Figure 1.

IDH pathway and targets in acute leukemia. IDH1/2 catalyze the conversion of isocitrate to α-KG. However, mutations in the catalytic active site of IDH1/2 causes increased affinity to NADPH and α-KG, leading to accumulation of the oncometabolite 2-HG. 2-HG accumulation has several detrimental effects at the cellular level, including hypermethylation of DNA, silencing in cell differentiation pathways (HOX, MAPK, WNT, TGFβ), and impaired metabolic regulation resulting in apoptosis and BCL2 dependence. Specific inhibitors including enasidenib and ivosidenib bind to mIDH1/2 with a greater affinity than isocitrate allowing normal cellular process to continue and decrease the amount of 2-HG production. Other promising agents work on the downstream effects of 2-HG accumulation, including hypomethylating agents (azacitidine and decitabine) restoring cellular differentiation, as well as venetoclax restoring metabolic regulation and apoptotic pathways.
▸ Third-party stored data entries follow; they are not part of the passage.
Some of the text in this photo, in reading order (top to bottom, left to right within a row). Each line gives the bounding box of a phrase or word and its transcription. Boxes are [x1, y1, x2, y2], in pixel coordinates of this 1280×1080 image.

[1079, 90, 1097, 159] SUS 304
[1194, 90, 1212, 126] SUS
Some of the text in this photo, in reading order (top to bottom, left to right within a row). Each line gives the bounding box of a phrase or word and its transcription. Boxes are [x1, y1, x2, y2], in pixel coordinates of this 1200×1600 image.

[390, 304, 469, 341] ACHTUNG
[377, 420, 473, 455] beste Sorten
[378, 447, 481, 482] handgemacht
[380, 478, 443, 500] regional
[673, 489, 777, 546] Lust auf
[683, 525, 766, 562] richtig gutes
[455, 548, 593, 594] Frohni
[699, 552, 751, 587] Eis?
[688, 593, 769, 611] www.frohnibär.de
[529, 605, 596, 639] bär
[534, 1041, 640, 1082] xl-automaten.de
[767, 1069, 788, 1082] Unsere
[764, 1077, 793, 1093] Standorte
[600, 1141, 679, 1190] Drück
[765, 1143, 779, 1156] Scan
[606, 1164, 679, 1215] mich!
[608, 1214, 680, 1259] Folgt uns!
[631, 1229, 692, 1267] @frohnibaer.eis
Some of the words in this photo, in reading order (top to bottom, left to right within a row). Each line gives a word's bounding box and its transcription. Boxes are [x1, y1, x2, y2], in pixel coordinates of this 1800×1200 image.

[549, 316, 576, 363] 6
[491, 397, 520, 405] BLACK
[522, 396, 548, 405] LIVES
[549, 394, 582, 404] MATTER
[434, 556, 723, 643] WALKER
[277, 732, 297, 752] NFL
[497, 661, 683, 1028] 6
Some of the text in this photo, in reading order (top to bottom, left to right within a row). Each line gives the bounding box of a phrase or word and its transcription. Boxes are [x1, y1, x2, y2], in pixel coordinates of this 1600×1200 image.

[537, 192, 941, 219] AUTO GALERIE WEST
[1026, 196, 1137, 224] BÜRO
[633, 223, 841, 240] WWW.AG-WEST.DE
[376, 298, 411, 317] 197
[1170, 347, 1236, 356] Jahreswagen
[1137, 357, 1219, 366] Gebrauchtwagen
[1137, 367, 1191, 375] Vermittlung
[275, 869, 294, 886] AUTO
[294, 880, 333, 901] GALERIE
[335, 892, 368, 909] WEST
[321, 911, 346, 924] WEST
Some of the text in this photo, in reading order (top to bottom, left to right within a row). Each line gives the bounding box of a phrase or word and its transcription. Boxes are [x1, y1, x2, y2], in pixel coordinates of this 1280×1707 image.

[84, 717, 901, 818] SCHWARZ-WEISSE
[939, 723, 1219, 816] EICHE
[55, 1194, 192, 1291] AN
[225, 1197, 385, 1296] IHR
Abbreviations: IDH1 = isocitrate dehydrogenase 1, IDH2 = isocitrate dehydrogenase 2, IDH3 = isocitrate dehydrogenase 3, mIDH1 = mutated IDH1, mIDH2 = mutated IDH2, 2-HG = beta-hydroxyglutarate, α-KG = alpha-ketoglutarate, COX = cytochrome c oxidase, Me = methyl group, OH = hydroxyl group, BCL2 = B-cell lymphoma 2, BAX = BCL2 associated protein X, NADP/H = nicotinamide adenine dinucleotide phosphate, NAD/H = nicotinamide adenine dinucleotide.